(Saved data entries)
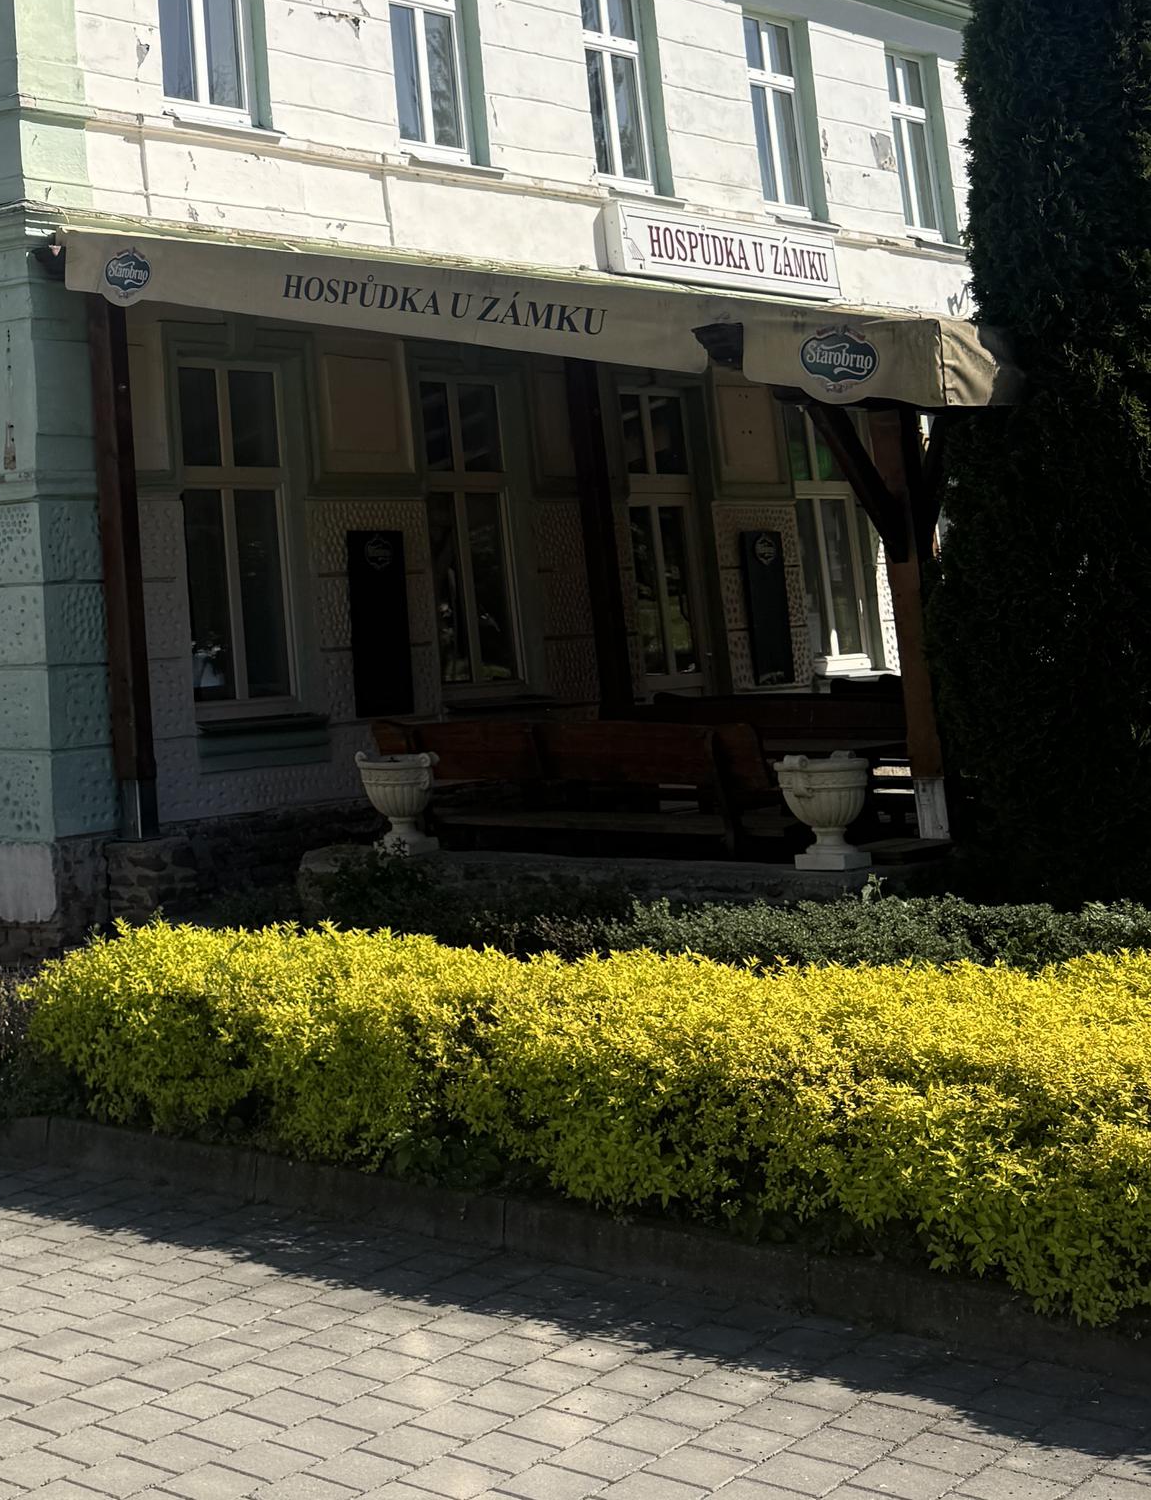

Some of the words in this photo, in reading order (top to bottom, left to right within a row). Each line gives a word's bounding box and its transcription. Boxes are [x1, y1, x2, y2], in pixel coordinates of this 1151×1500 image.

[108, 260, 149, 286] Starobrno
[648, 224, 750, 271] HOSPŮDKA
[752, 241, 765, 273] U
[770, 236, 829, 283] ZÁMKU
[282, 274, 441, 316] HOSPŮDKA
[450, 291, 473, 319] U
[476, 291, 608, 336] ZÁMKU
[806, 339, 874, 376] Starobrno
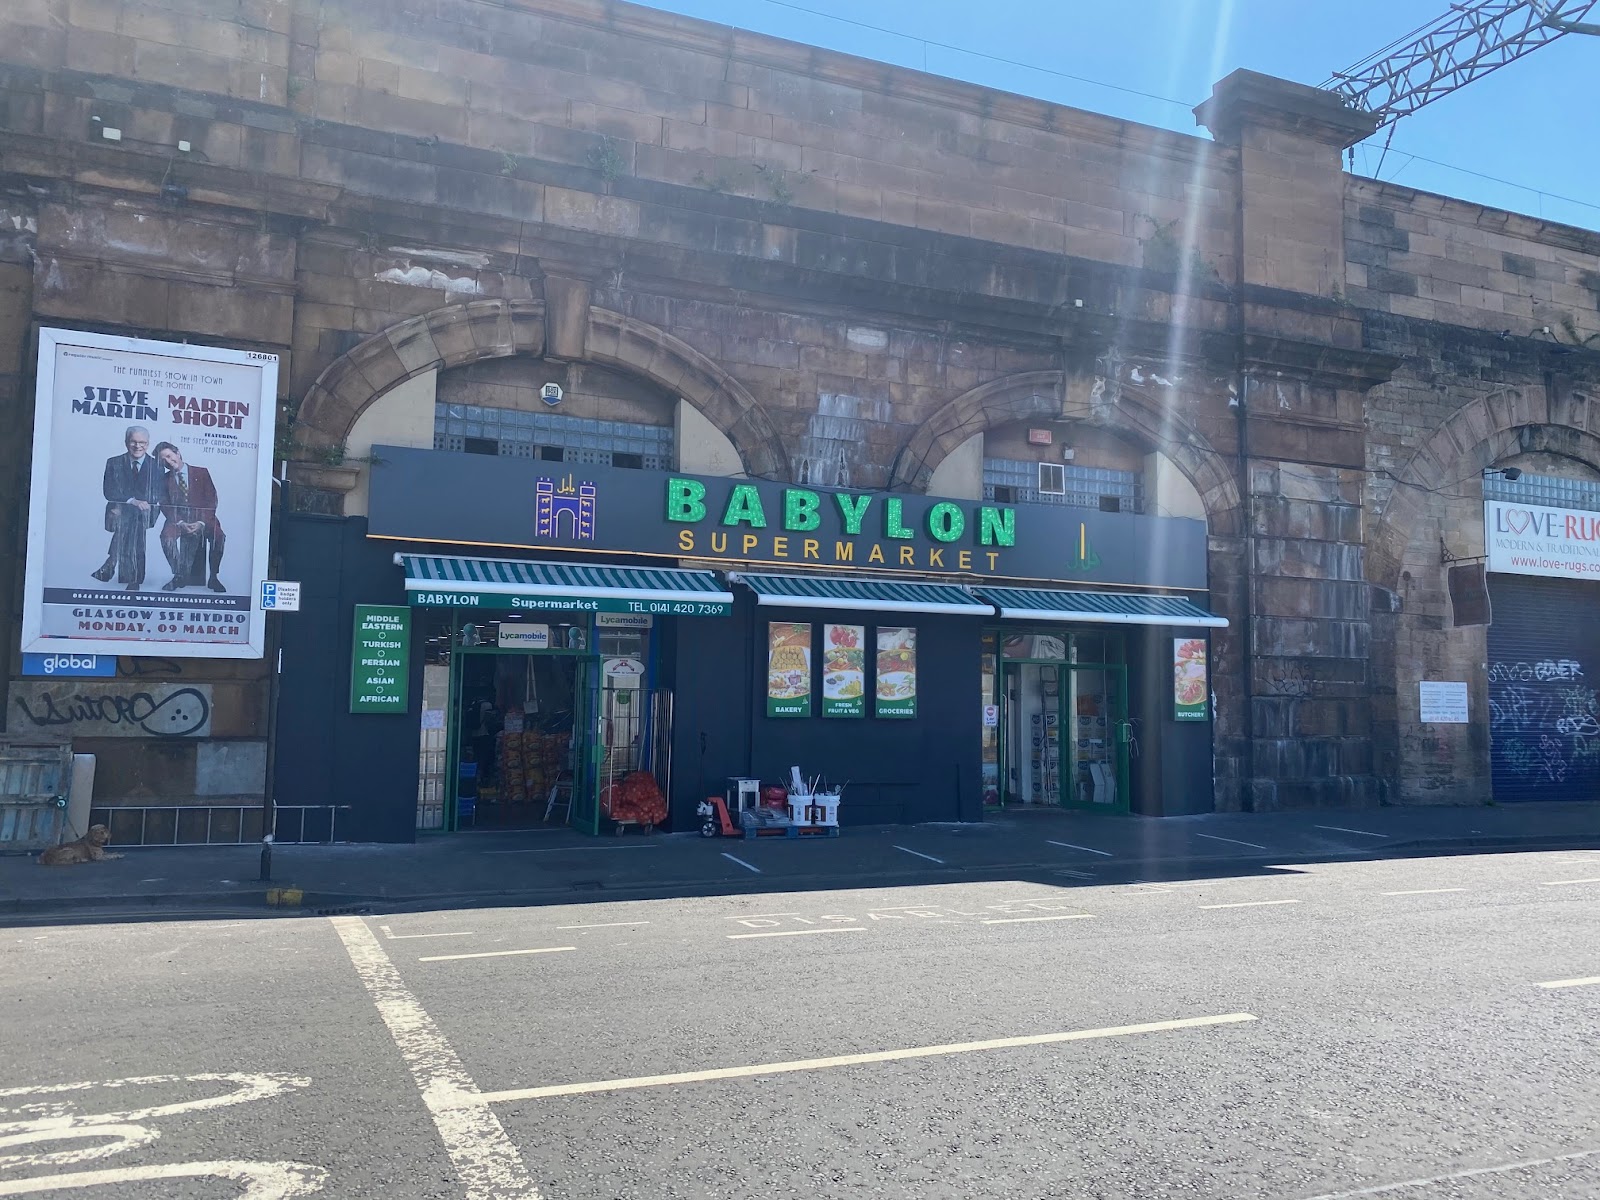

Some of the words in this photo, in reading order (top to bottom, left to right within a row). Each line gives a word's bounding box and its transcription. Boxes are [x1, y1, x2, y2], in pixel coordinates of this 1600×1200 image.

→ WHAT IS NEEDED: Give every record again without changing a word. Exclude the pictures.

→ EXERCISE RESPONSE:
Some of the words in this photo, in reading order (top to bottom, left to right within a row). Each line gives a word's bounding box and its transcription. Boxes are [x1, y1, x2, y2], in pixel coordinates of this 1151×1500 image.

[108, 260, 149, 286] Starobrno
[648, 224, 750, 271] HOSPŮDKA
[752, 241, 765, 273] U
[770, 236, 829, 283] ZÁMKU
[282, 274, 441, 316] HOSPŮDKA
[450, 291, 473, 319] U
[476, 291, 608, 336] ZÁMKU
[806, 339, 874, 376] Starobrno

Some of the words in this photo, in reading order (top to bottom, left to right within a row). Each line gives a word's bounding box and its transcription. Boxes are [x1, y1, x2, y2], in pixel coordinates of this 1600×1200 image.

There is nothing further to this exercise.